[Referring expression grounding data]

● ● ● ●

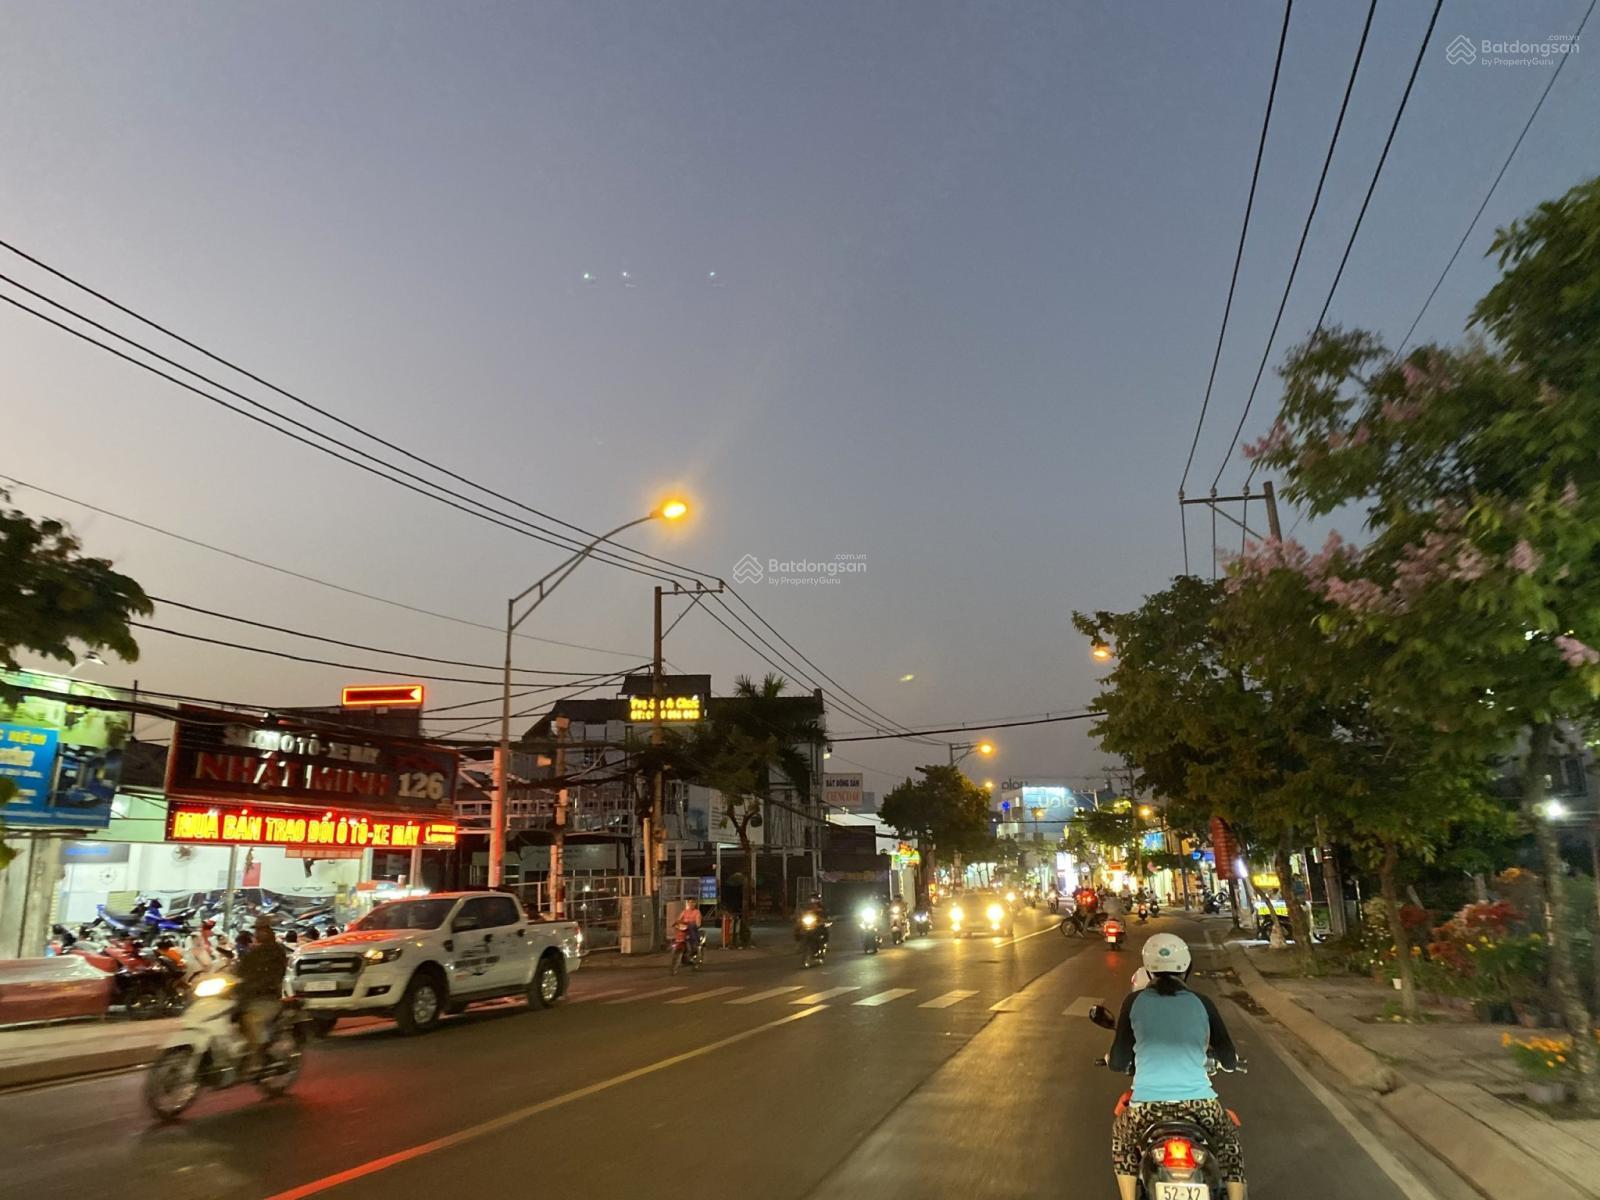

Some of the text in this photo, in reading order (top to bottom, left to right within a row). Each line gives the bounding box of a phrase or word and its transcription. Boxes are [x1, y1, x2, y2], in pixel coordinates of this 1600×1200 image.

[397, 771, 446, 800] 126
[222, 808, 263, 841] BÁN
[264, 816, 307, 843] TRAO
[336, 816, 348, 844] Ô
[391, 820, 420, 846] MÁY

● ● ● ●

**TASK INSTRUCTIONS**
The data above, line by line: transcribe it exactly and drop the pictures.

**RESPONSE TO THIS TASK**
Some of the text in this photo, in reading order (top to bottom, left to right within a row). Each line gives the bounding box of a phrase or word and its transcription. Boxes are [x1, y1, x2, y2], in pixel coordinates of this 1600×1200 image.

[397, 771, 446, 800] 126
[222, 808, 263, 841] BÁN
[264, 816, 307, 843] TRAO
[336, 816, 348, 844] Ô
[391, 820, 420, 846] MÁY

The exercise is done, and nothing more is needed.